1. In earliest Christian antiquity Paul was understood to have ascended to the 'third heaven' and then Paradise which Church Fathers insinuate was in the 'eighth' heaven (i.e. above the seventh)
2. there was a gospel called for some reason 'the Diatessaron'
I don't think that a gospel made up of four gospels (as 'Diatessaron' is commonly interpreted) would be called 'the Diatessaron.' I have always thought it had something to do with musical theory (where the terminology originates).
Curiously if we imagine Paul standing at ground zero ('C' in musical terms), D would be the 'first heaven' and E would be the 'second heaven.' That means F was the 'third heaven.' G = fourth, A = fifth, B = sixth heaven, C = seventh heaven. In essence then C was both the seventh heaven and an octave which spanned earth to the highest heaven.

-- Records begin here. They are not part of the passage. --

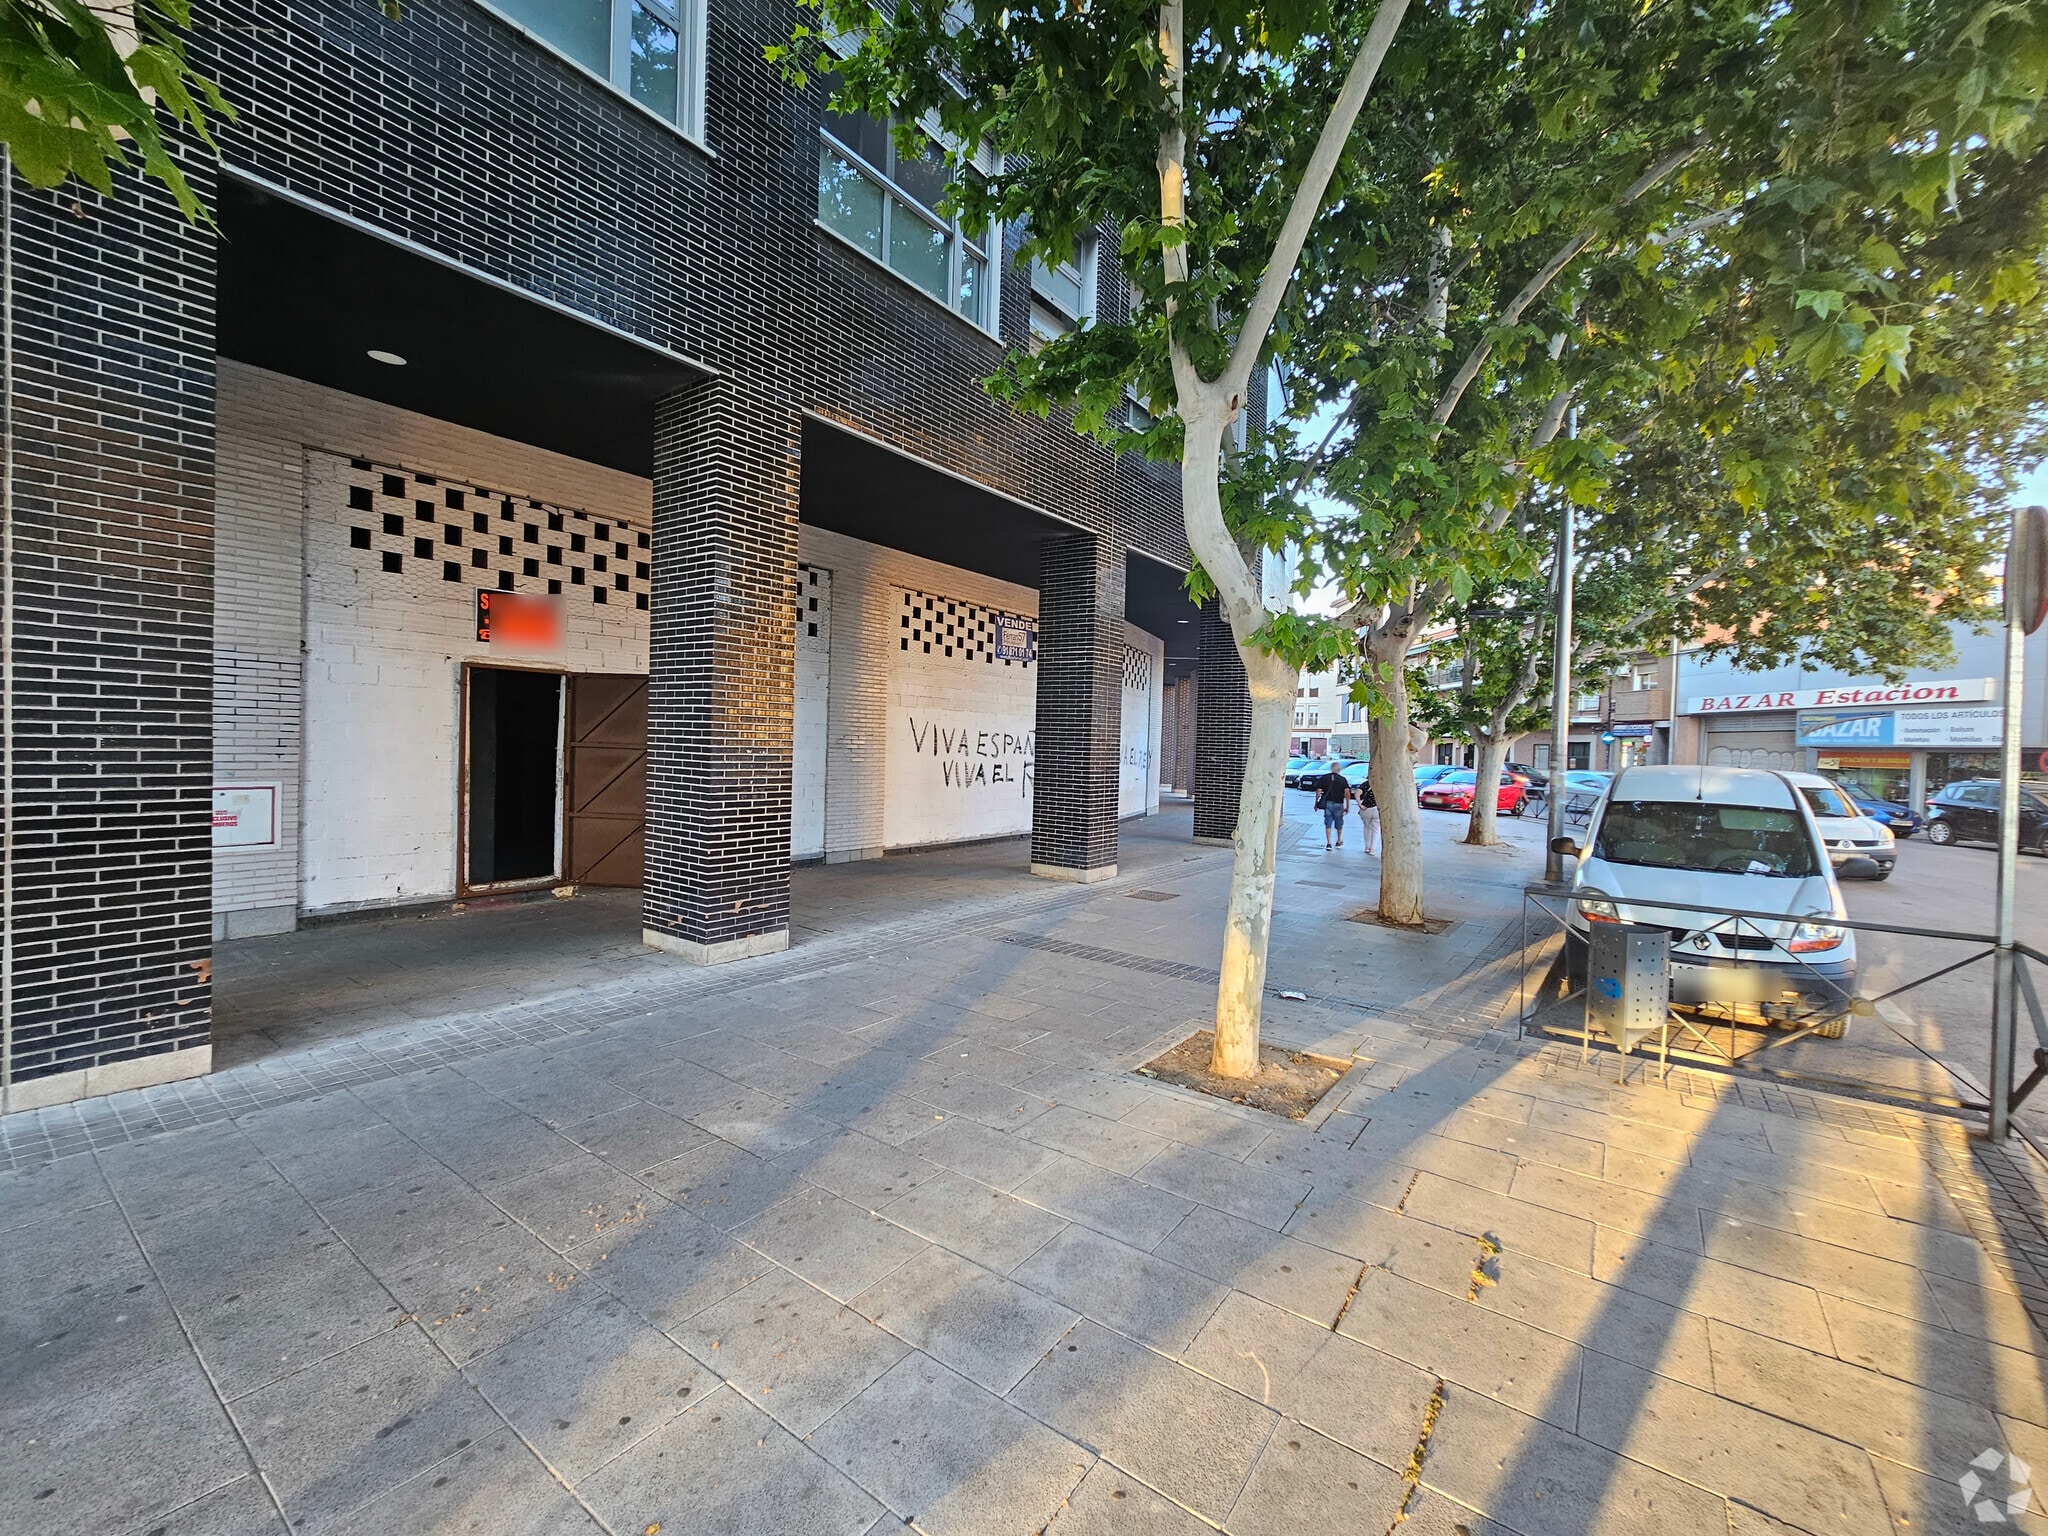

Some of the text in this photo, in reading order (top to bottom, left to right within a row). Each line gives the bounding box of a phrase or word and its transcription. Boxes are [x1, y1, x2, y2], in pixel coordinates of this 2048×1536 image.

[996, 616, 1033, 631] VENDE
[1700, 684, 1960, 711] BAZAR Estacion
[1901, 712, 1929, 720] TODOS
[1931, 711, 1949, 720] LOS
[909, 716, 1036, 759] VIVA ESPAÑ
[942, 759, 987, 789] VIVA
[992, 763, 1014, 784] EL

But Paul's journey from 'earth' or C to 'third heaven' or F and finally Paradise in the seventh and highest heaven has musical theoretical implications. The journey from C to F was a 'Diatessaron'
In classical music from Western culture, a fourth is a musical interval encompassing four staff positions (see Interval number for more details), and the perfect fourth (About this sound Play (help·info)) is a fourth spanning five semitones (half steps, or half tones). For example, the ascending interval from C to the next F is a perfect fourth, as the note F lies five semitones above C, and there are four staff positions from C to F. Diminished and augmented fourths span the same number of staff positions, but consist of a different number of semitones (four and six).
The perfect fourth may be derived from the harmonic series as the interval between the third and fourth harmonics. The term perfect identifies this interval as belonging to the group of perfect intervals, so called because they are neither major nor minor (unlike thirds, which are either minor or major) but perfect.
Up until the late 19th century, the perfect fourth was often called by its Greek name, diatessaron.[1] Its most common occurrence is between the fifth and upper root of all major and minor triads and their extensions.